Everything seems to be going all right after that, but then Lucy is left alone with the Fields’ and lets it slip that Michael and Carol are engaged, which she didn’t know she wasn’t supposed to mention. The Fields’ get very aggravated, basically saying in no uncertain terms that Carol is not going to be marrying their son. Lucy gets a bit riled up, angrily admitting that yes, she was in an insane asylum, but that doesn’t mean that Carol isn’t good enough for their golden boy. She then tells them straight out that she wants Carol to be happy, and she isn’t going to let the Fields’ snobbery fuck things up for her daughter. She then storms righteously out of the house.
After the Fields’ tell everyone else what happened, Michael takes Emily and Carol back home, then he and Bill go out looking for Lucy. Mr. and Mrs. Fields, troubled by the evening’s events, start getting ready for bed, but Mr. Fields is axed to death in his closet upstairs by that same shadowed person with the jangly bracelets. Mrs. Fields, suspecting something is wrong, goes up and finds his bloody corpse, but before she can escape the room and call the authorities, Lucy pops out and threatens her with the axe.
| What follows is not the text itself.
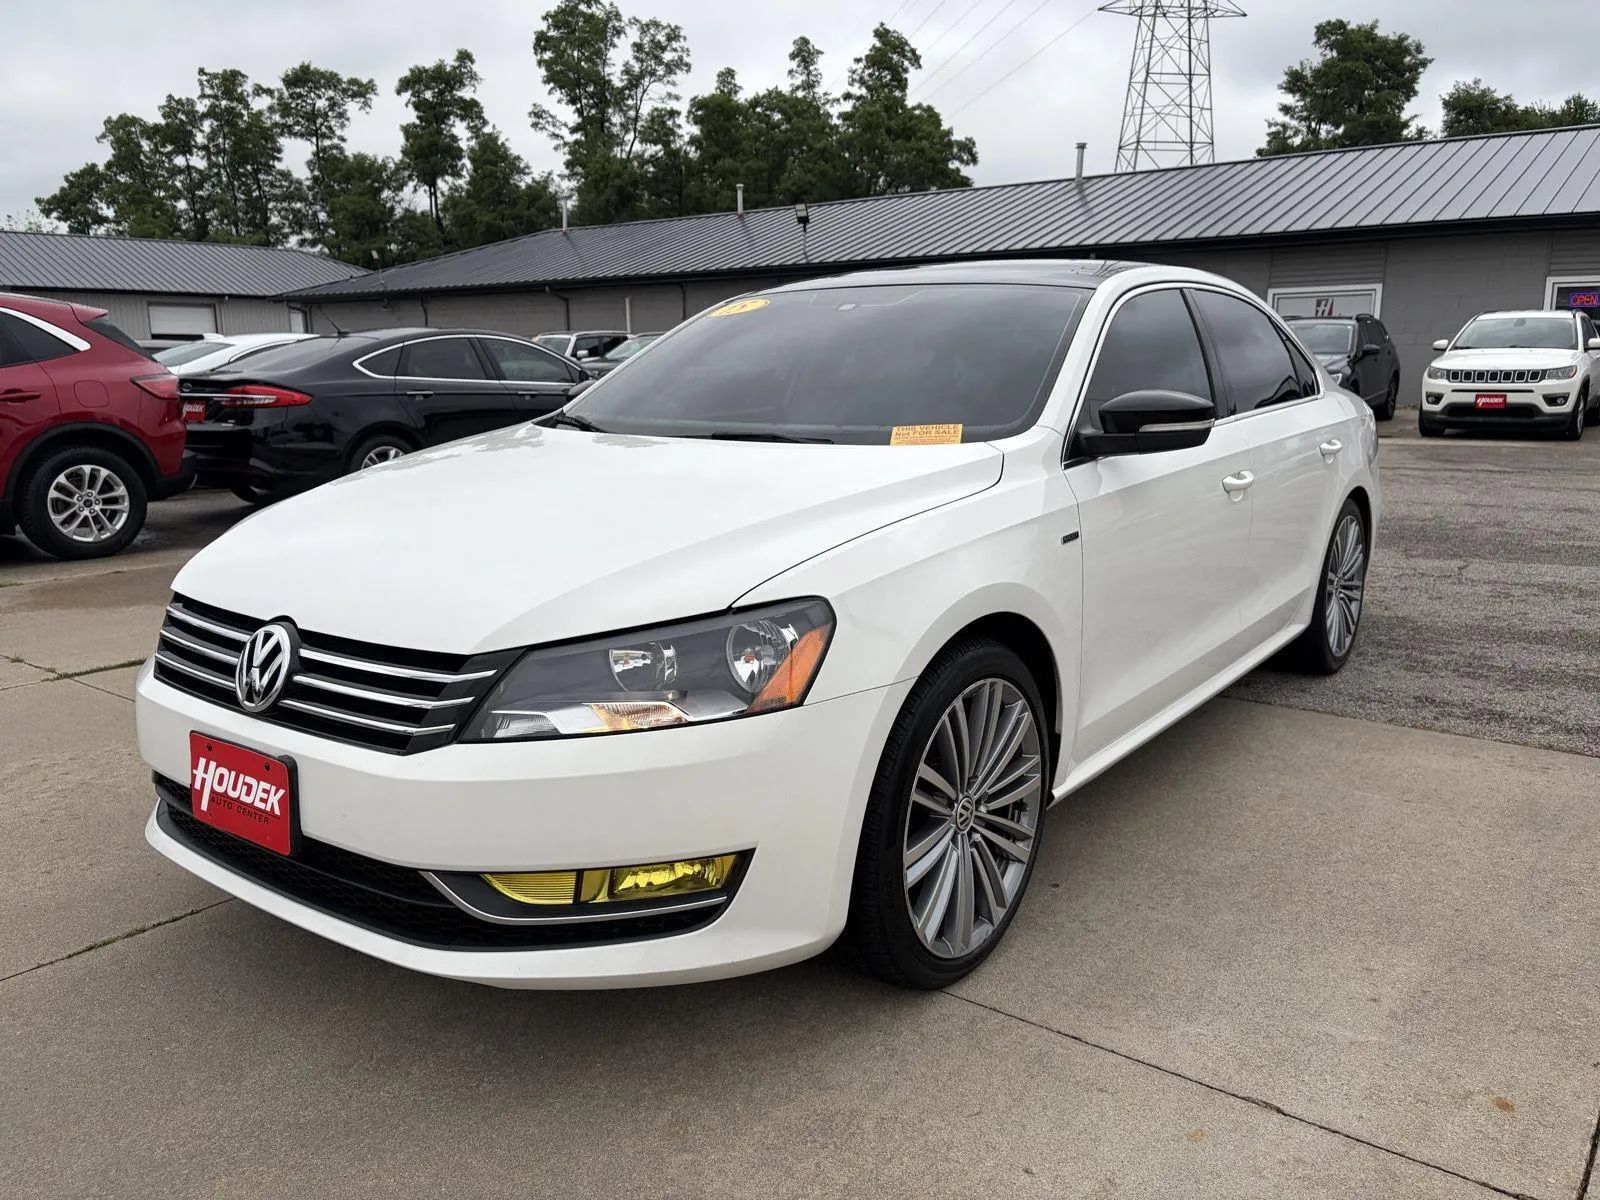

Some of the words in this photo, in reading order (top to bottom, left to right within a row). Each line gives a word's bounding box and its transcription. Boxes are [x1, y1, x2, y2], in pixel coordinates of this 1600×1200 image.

[1571, 294, 1598, 306] OPEN
[192, 756, 286, 815] HOUDEK
[210, 795, 233, 810] AUTO
[236, 805, 270, 825] CENTER
However, as many of you might have guessed by now, this is where the big twist is revealed. Moments later, the real Lucy comes into the bedroom, having returned to the house to apologize to the Fields’ for her outburst earlier. She sees the other Lucy and tackles her onto the bed, only to discover that it is actually, surprise surprise, Carol wearing an identical dress and wig to Lucy’s, and wearing a mask of Lucy’s face that she made from the bust she sculpted. Turns out that it’s been Carol hacking people up all along but trying to pin the murders on Lucy so she’ll be sent back to the asylum. Carol had even gone so far as to put fake severed heads in her mom’s bed to freak her out, and play recordings of little girls singing the Lizzie Borden rhyme so Lucy would think she was hearing things. Carol’s ultimate plan was to kill both the Fields’ so that she and Michael would be free to marry and they’d inherit all the money as well, but of course she was stopped before she could complete her mission.
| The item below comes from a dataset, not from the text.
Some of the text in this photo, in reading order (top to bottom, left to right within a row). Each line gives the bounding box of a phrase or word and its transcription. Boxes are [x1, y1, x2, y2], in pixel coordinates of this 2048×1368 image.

After the whole scheme is unraveled and Michael sees what an absolute lunatic his girlfriend is, she is likewise shipped off to the same mental hospital her mother spent so much of her life in. At the end, Lucy tells Bill and Emily that she is going back to the asylum willingly too, so that she can finally be there for her daughter the way she never was before.
As I said, this was a solid little horror film, not at all as melodramatic or cheesy as I was expecting from a William Castle movie starring Joan Crawford. The acting was great all around, and the story had a real heart to it, particularly in Joan Crawford’s performance as Lucy and the way she played against Diane Baker as Carol. If I had one slight criticism, it would be that it was pretty obvious that Carol was the killer very early on in the movie (I figured it out right as Carol became insistent about dressing her mother up in her young-style clothes and showing her the bracelets), but it was still an entertaining watch in spite of that.
If you’re interested in horror films from this era and want to see something that was inspired by Psycho but has its own slightly lower-rent charm, then Strait-Jacket might be your cup of tea. Come to think of it, it would make a great double feature with Francis Ford Coppola’s first film, Dementia 13, another low-budget Psycho homage featuring an axe murderer (though produced by Roger Corman instead of William Castle).